GPS inventor joins court fight
against warrantless tracking
 
Electronic Frontier Foundation
The principal inventor of the Global Positioning System (GPS) and other leading technologists have joined the Electronic Frontier Foundation (EFF) in urging the U.S Supreme Court to block the government from using GPS tracking without first getting a warrant, arguing that the massive collection of sensitive location data should require court oversight.

Roger L. Easton is considered the father of GPS as the principal inventor and developer of the Timation Satellite Navigation System at the Naval Research Laboratory. The current GPS is based on Timation, and its principles of operation are fundamentally identical. In an amicus brief filed with the Supreme Court Monday in United States v. Jones, EFF, Mr. Easton, along with other technology experts, pointed out the many ways in which GPS tracking is fundamentally different from and more invasive than other surveillance technologies the court has allowed before, and how law enforcement use of GPS without a warrant violates Americans' reasonable expectations of privacy.

"This is the first case where the Supreme Court will consider automatic, persistent, passive location tracking by law enforcement," said EFF Senior Staff Attorney Marcia Hofmann. "The government can use location information over time to learn where you go to church, what sort of doctors you go to, what meetings and activities you participate in, and much more. Police should not have blanket permission to install GPS devices and collect detailed information about people's movements over time without court review."

In Jones, FBI agents planted a GPS device on a car while it was on private property.
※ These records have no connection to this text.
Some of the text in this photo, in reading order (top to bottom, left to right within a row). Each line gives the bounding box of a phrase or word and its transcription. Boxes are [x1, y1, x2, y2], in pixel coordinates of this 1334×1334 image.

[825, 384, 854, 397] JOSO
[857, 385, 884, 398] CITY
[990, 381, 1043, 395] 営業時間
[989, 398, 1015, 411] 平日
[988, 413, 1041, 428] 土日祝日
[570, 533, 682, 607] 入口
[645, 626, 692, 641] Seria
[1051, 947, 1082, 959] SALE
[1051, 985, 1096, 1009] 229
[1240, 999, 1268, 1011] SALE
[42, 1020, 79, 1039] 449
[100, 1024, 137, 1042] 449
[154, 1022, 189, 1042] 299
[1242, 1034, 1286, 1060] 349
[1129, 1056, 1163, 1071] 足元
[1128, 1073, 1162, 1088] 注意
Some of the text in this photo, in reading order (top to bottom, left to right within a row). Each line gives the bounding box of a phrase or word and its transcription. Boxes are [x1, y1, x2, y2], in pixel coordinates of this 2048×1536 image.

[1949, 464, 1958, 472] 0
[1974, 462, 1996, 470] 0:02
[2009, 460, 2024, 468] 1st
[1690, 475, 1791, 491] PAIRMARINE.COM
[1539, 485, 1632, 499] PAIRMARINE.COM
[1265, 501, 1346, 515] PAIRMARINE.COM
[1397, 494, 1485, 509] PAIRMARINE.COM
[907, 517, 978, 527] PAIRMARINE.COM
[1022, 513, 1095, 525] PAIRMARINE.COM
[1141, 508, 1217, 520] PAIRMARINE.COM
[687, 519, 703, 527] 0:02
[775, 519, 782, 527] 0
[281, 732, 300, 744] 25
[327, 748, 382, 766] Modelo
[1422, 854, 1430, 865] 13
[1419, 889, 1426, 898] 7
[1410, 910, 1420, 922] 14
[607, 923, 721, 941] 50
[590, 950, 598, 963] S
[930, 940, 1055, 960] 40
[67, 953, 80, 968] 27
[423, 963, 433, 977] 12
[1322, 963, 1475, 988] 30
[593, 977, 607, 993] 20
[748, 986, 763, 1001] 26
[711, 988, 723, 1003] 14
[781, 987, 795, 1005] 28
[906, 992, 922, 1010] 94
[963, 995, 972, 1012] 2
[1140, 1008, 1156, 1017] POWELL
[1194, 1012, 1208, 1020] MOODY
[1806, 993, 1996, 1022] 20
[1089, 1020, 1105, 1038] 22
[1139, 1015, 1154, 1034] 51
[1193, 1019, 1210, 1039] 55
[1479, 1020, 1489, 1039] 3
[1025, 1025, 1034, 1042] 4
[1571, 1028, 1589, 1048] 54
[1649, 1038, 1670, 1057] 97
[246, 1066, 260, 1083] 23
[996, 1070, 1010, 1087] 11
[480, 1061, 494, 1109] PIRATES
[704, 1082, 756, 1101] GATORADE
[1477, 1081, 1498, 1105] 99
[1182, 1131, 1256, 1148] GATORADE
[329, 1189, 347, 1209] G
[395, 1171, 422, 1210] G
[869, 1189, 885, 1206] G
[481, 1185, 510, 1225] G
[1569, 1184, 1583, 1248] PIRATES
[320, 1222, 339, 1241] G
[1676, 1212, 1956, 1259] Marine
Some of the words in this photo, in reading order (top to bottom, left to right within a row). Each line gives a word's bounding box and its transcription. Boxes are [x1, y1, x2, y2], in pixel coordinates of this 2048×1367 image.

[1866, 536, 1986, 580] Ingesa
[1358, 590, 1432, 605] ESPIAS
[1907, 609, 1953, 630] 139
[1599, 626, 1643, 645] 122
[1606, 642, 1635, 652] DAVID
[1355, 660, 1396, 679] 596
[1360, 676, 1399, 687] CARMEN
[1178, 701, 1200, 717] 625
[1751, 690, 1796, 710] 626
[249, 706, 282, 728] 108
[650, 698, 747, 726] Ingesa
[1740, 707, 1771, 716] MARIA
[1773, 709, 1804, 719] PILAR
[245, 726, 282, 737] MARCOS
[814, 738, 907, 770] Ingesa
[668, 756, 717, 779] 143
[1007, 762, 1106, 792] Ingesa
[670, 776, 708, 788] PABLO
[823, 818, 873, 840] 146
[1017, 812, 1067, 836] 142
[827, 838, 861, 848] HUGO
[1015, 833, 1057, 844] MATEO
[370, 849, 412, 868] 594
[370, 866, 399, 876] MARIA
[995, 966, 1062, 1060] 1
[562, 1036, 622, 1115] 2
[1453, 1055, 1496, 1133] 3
Agents then used the GPS to track the position of the vehicle every ten seconds for a full month without obtaining a search warrant. An appeals court ruled that the surveillance was unconstitutional without a warrant, but the government appealed the decision.

"If police are allowed to plant GPS devices wherever they please, that's essentially blanket permission for widespread, ongoing police surveillance without any court supervision," said EFF Legal Director Cindy Cohn. "It's not hard to see how that kind of leeway would be abused. We hope the Supreme Court takes a close look at how this technology works and act to protect the Fourth Amendment rights of Americans."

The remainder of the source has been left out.